Indeed, the way a company responds to a crisis may itself say more about the business than the circumstances which gave rise to the crisis in the first place. Stonewalling legitimate enquiries with a 'no comment' statement or a failure to apologise for, or be transparent about, any shortcomings can back-fire.
Increasingly, journalists, politicians and others are much more likely to look further up the chain with a view to pinning blame on the chief executive or owner of a business (or even, as in the case of BHS, a former owner), who is not considered by the commentariat to have run, bought or sold the business in an appropriate manner.
Learnings from BHS
Indeed, the fall out from the collapse of BHS tends to suggest that those disposing of a business may now need to ensure that they carry out much more thorough and wide ranging due diligence on potential buyers and think much more carefully about the implications of a deal. While there may be no general legal requirement (other than in specific sectors) to ensure that the buyer of a business satisfies in effect a 'fit and proper person' test, it is plain that a buyer who turns out, for example, to be an asset stripper, to treat employees badly, or to make business decisions contrary to the national interest, may very well cause serious reputational blowback for the seller.
So what steps can a seller take to manage this reputational risk? Here are a few examples:
- We are increasingly seeing sellers place material disclosure obligations on bidders entering into an auction process, in a bid to avoid a BHS style blame game – this may well include detailed requirements around known associates and other investments, their tax residence and group structures and their activity in sensitive territories (e.g. where sanctions are in place), and corporate intelligence providers are reporting increasing demand for their services from sellers in such scenarios.
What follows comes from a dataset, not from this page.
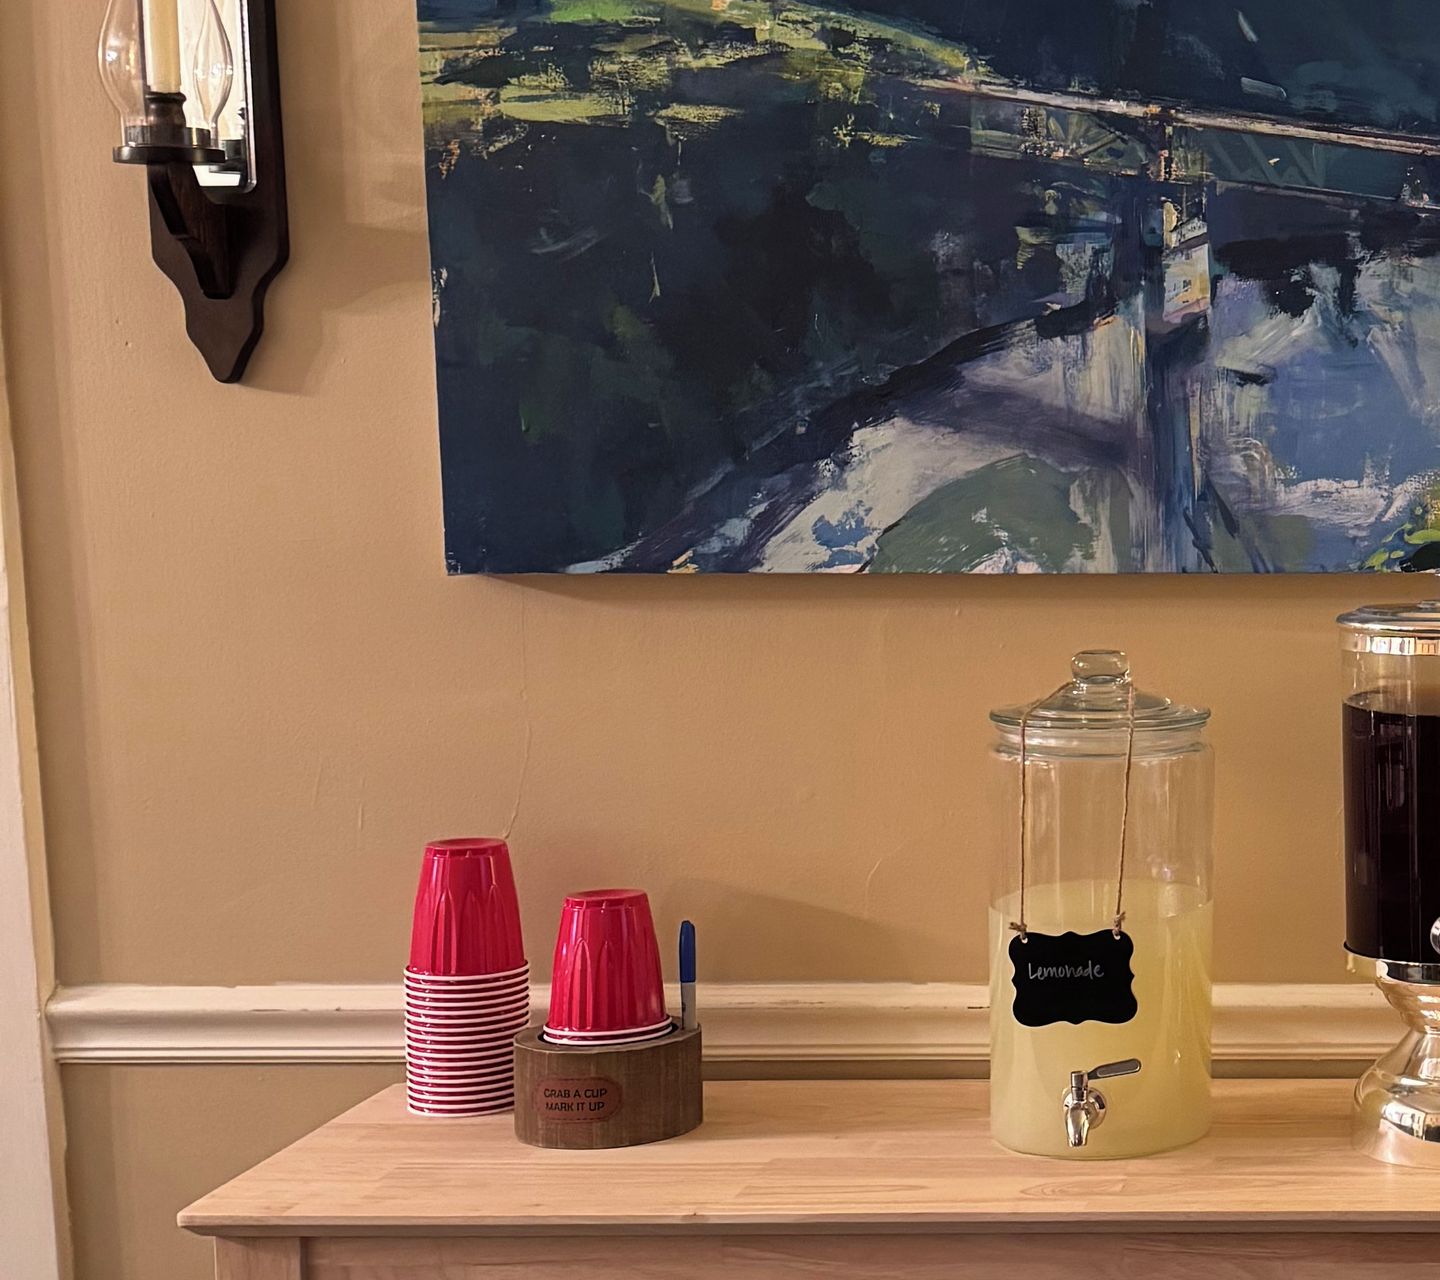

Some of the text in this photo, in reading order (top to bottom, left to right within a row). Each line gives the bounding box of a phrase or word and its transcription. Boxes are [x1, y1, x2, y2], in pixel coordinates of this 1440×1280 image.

- Where a company with a defined benefit pension scheme is being sold, the seller risks being on the receiving end of the Pensions Regulator's anti-avoidance powers, which can bring its own unhelpful publicity as well as liability risks (including for directors). To manage both the financial and reputational risk, the seller and its directors will need to satisfy itself that the sale will not leave the company in a materially weaker position and to engage proactively with the trustees and may well have to consider ensuring that appropriate post-sale mitigation is in place.
- Risk for the seller might also be heightened if it continues any substantial trading (or transition or migration) arrangements with the buyer/target post-completion.
- Clearly, there is a direct correlation between size of workforce and level of reputational risk, particularly where there is significant unionisation.
- As we have seen from the Soft Bank takeover of ARM Holdings, the buyer was obliged by the Takeover Panel, pressed by Greg Clark, the Business Secretary, to give legal commitments about the future of the ARM business (including a commitment to double the UK employee base) – sellers might also consider specific and binding reassurances from bidders where they have reputational concerns about the future of the divested business.
- Most bid processes will ask each bidder to confirm its funding arrangements: in certain cases this scrutiny may need to be stepped up, to ensure 'certain funds', especially if there is a delay to completion and if there are any post-completion obligations about how the target business is run.
- Ultimately, of course, there is only so much that can be done: for example when the Southern Cross Blackstone healthcare group failed, Blackstone had to deal with considerable adverse publicity, even though it had sold it two years earlier and the business had been run quite differently post-sale. Damage limitation may be the most that can be achieved (see Managing the crisis below).
And an afterthought for buyers: aside from the usual scrutiny of financial, tax, legal and compliance risks, do you need to consider any reputational risk from any acquisition, for example through association with the seller (or any known associates of the seller) or with how the target grew its business? Particularly relevant in emerging market transactions, this is often one of the triggers for detailed forensic diligence on the seller, its associates and the target and its business practices.
Managing the crisis
Also highlighted by the BHS saga is the importance of strong crisis management where any such reputational storms blow up.
A business that understands the importance of protecting its reputation, and its information, will generally be better prepared to deal with any threats to either, whether low level or a full-blown crisis. An organisation which already has a crisis response strategy in place is likely to be able to respond more rapidly and effectively than one which does not.
"40% of EMEA based companies did not have a crisis plan"
PR AGENCY BURSON-MARSTELLER, SURVEY OCTOBER (2015)
A survey last October by PR agency Burson-Marsteller across a wide selection of EMEA based companies revealed that 40% of them did not have a crisis plan. Of those that did, just over a third had not updated it in the last two years.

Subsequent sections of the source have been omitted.